Open Arms did not give out donations or other charitable contributions at the time of my visit. What the company gave, and still does today, is wages for women at the greatest risk of not prospering as a relocated refugee. This included widows and mothers, who often find it extra difficult to adjust and support themselves and their families. Often though these women relocated alone, having in some cases lost their entire families. Others did not know the fates of loved ones or were plainly just oceans away from those they cared about. For these women, Open Arms gave them a sense of family and support in the United States. They provided them community resources, education in a trade and a place for women who faced trauma, rape, torture, disease, murder, starvation and all the ills one could list in the world, a place where they could be proud survivors.
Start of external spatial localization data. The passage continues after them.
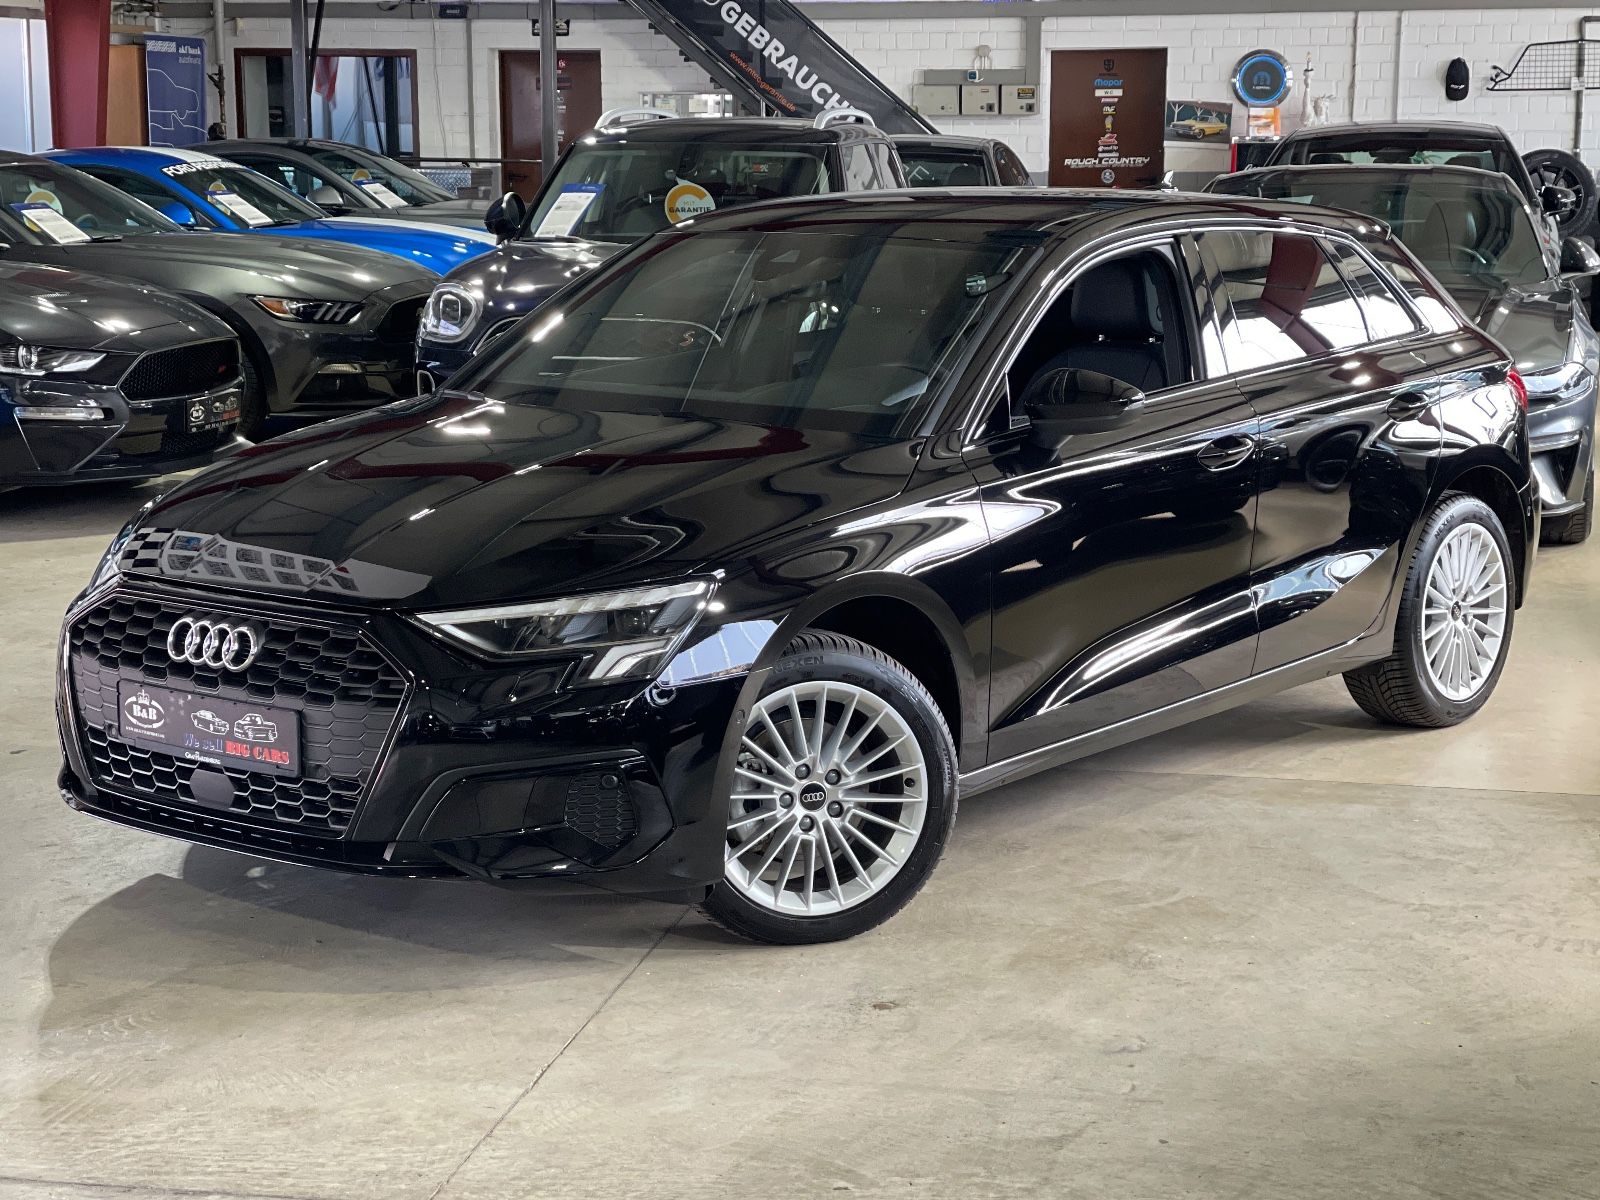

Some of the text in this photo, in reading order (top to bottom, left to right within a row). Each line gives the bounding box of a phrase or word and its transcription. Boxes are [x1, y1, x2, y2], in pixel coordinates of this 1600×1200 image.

[721, 1, 857, 122] GEBRAUCH
[161, 164, 197, 177] FORD
[1064, 158, 1099, 166] ROUGH
[1102, 157, 1151, 165] COUNTRY
[772, 655, 825, 675] NEXEN
[132, 704, 157, 721] B&B
[225, 740, 250, 757] BIG
[253, 746, 290, 765] CARS
Their proud smiles and the stories of which involved a special kind of strength to survive, let alone retell, changed my life forever. Every day I dedicate my efforts to activate compassion and mindfulness in others to those beautiful women. I am forever thankful for them welcoming me into their world with complete and utter open arms and open hearts.
Update: Since my visit several years ago Open Arms has undergone some change. The group has more recently offered home goods and has had partnerships with IKEA in Texas and other big names. Also, the group is now under the parentage of the Multicultural Refugee Coalition. The 501(c)3 nonprofit organization was founded in 2009 by two American women (Meg Erskine and Sarah Stranahan) with two Liberian refugees (Johnson Doe and Paul Tiah). The group aims to support refugees resettling in the beautiful and compassion filled city of Austin, Texas. In addition to Open Arms, the nonprofit also offers The New Leaf Refugee Agriculture Program. This unique program offers refugees from traditional farming cultures the opportunity to garden in their new community, gaining self sufficiency and a sense of community. The group is also unique in that it trains refugees to become interpreters within not only the MRC organization, but also within the City of Austin.
The prospective editorial that lead me to Open Arms did not make the cut for the aforementioned fashion platform, as they did not think the product suited their high-end reader. The story not making the cut disgusts me to the day, but the rejection of the editorial for what I deemed a "petty rationale" and my experience meeting the women of Open Arms changed me life forever. It was then that I knew I wanted to only be involved in the media promotion of brands with causes, a heart and a soul. Furthermore, I vowed to dedicating my life to sharing compelling stories on media platforms that were not short-sighted when it came to compassion.
I would also like to extend my thanks for the amazing women that is Leslie Beasley, founder of Open Arms and passionate humanitarian.